4.4 Diversification of CDS Research Methods
As previously discussed, longitudinal CDS research is necessary. Additionally, while current research primarily uses scales or experimental methods, future CDS research should incorporate more sensitive or ecologically valid objective methods such as school report cards, diagnostic interviews, and neuropsychological approaches (Becker, Willcutt, et al., 2023). Current CDS research primarily focuses on functional impairments in this population; future studies should examine potential adaptive significance of CDS characteristics from a positive psychology perspective and deeply investigate interactions between environmental factors and CDS symptoms. As Becker (2025) noted, participatory methods should be promoted to understand challenges and strengths of CDS populations from the perspective of affected individuals and their support networks.

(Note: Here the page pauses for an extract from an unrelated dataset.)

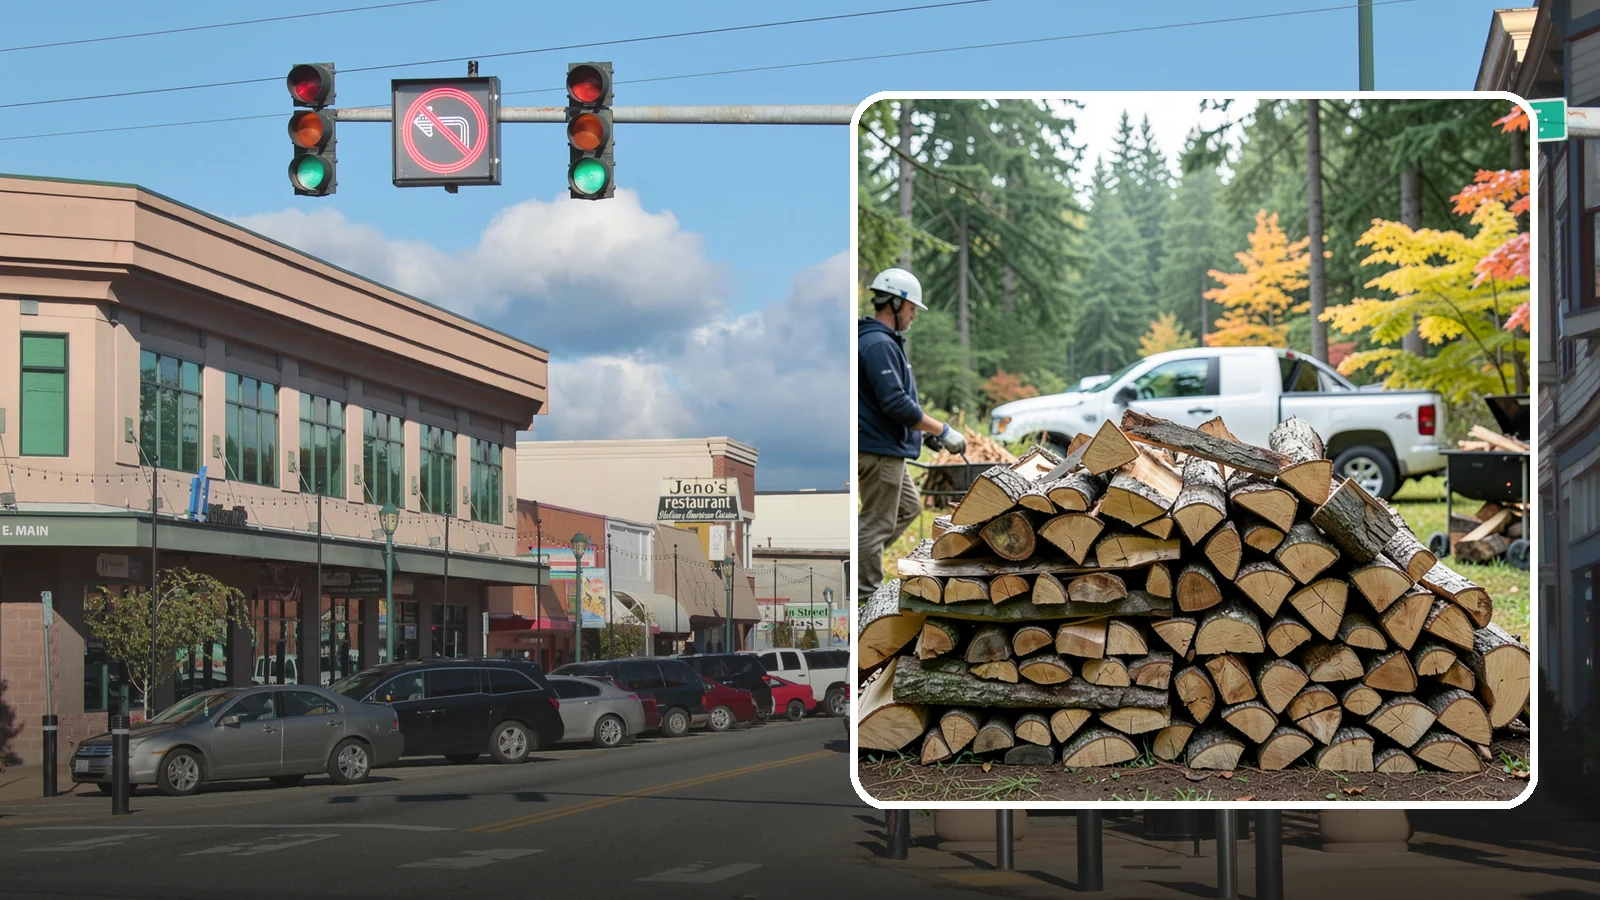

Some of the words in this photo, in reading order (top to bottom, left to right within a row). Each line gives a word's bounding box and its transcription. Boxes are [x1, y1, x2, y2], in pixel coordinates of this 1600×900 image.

Most neural mechanism research has examined CDS-related brain regions in resting states, with some studies analyzing brain region activity during cued flanker and Go/no-Go tasks to explore attention deficits in CDS populations (Fassbender et al., 2015; Kardaş et al., 2021). The cognitive aspect of CDS involves attentional disengagement and effortful psychological processing of external environments, while the motor aspect involves hypoactivity (Becker, Willcutt, et al., 2023). Future research should use relevant experimental paradigms based on this definition to validate existing functional impairment conclusions and explain the neural mechanisms underlying functional impairments, providing a foundation for interventions. Additionally, while research has identified specific cognitive and social functioning impairments in CDS, few studies have examined connections between these impairments or how they influence each other. Only one study found that social problems in children with SCT related to sustained attention and attention control deficits (Yung et al., 2021), but this research remained at the correlational level without examining causal process models. Future research should further explore interactions between CDS functional impairment characteristics and their causal process models, which will help reveal intrinsic mechanisms of characteristic functional impairments in CDS and enable targeted interventions.